Referring expression grounding data:
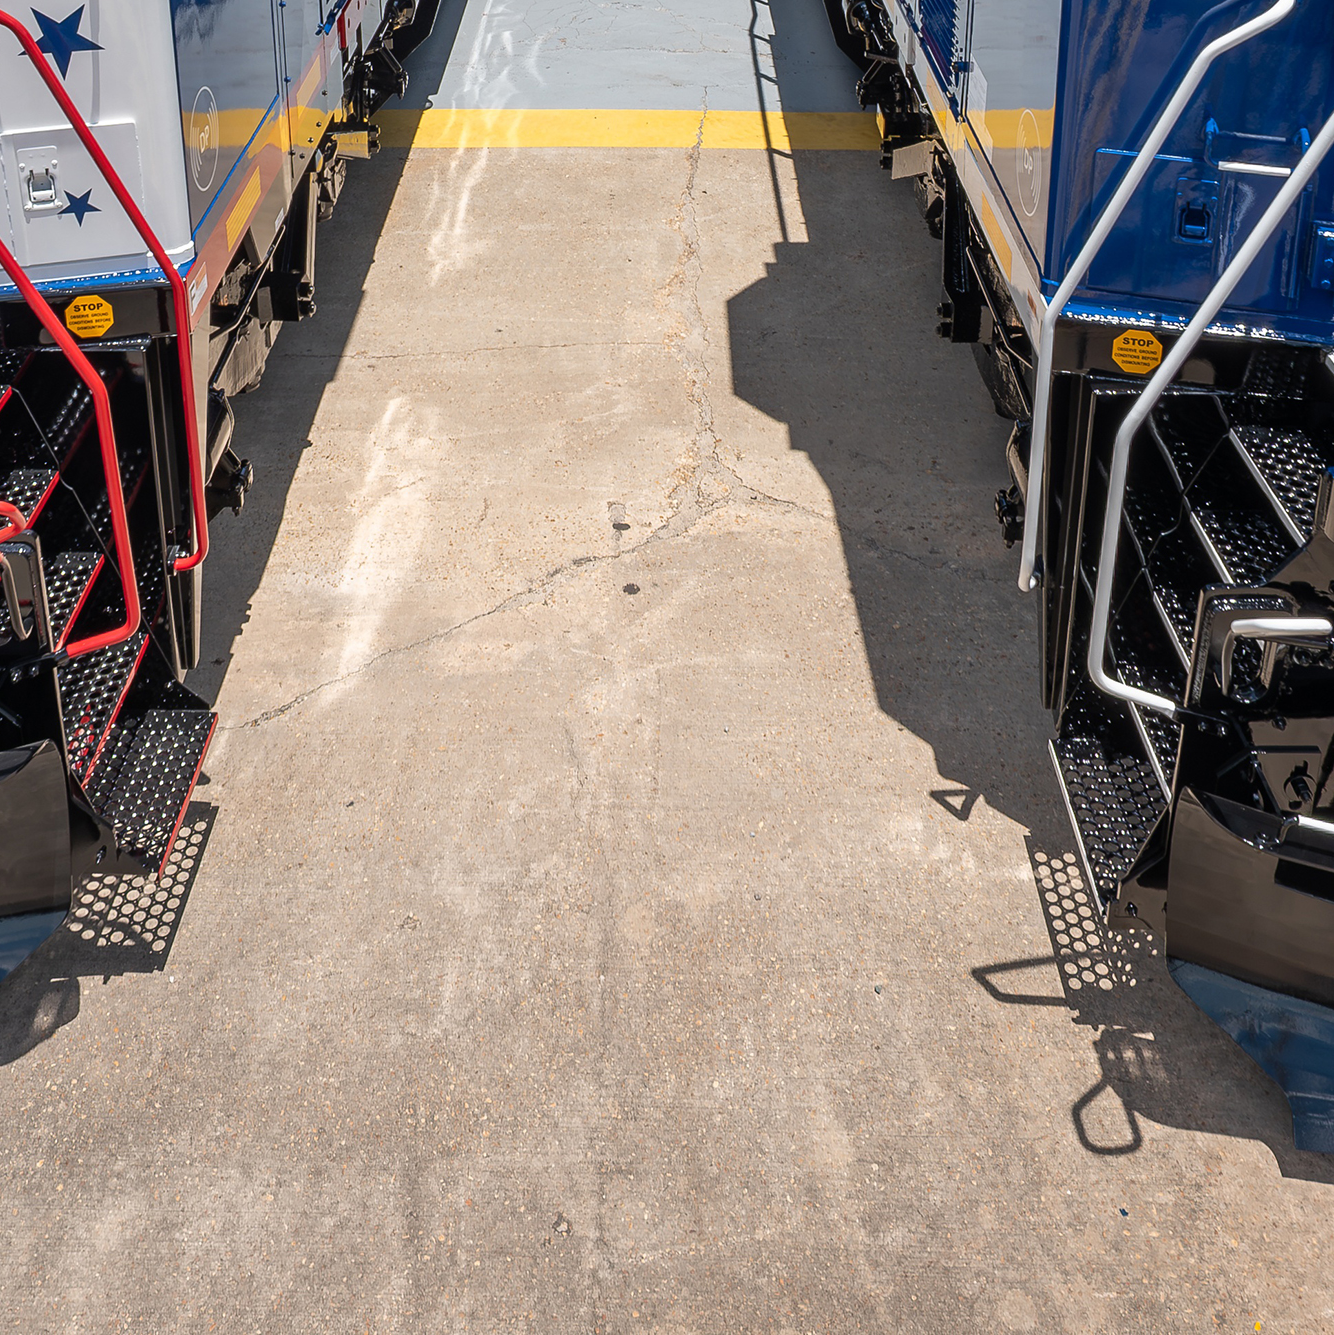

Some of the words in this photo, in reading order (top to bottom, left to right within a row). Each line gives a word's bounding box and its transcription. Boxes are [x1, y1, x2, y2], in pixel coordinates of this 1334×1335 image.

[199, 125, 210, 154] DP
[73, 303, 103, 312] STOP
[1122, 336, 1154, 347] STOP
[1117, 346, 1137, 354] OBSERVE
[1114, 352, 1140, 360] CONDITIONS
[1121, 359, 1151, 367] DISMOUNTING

**DESCRIPTION OF THE TASK**:
The preceding entries should be duplicated word for word; no picture belongs in the copy.

**RESPONSE FOR THIS EXERCISE**:
Some of the words in this photo, in reading order (top to bottom, left to right within a row). Each line gives a word's bounding box and its transcription. Boxes are [x1, y1, x2, y2], in pixel coordinates of this 1334×1335 image.

[199, 125, 210, 154] DP
[73, 303, 103, 312] STOP
[1122, 336, 1154, 347] STOP
[1117, 346, 1137, 354] OBSERVE
[1114, 352, 1140, 360] CONDITIONS
[1121, 359, 1151, 367] DISMOUNTING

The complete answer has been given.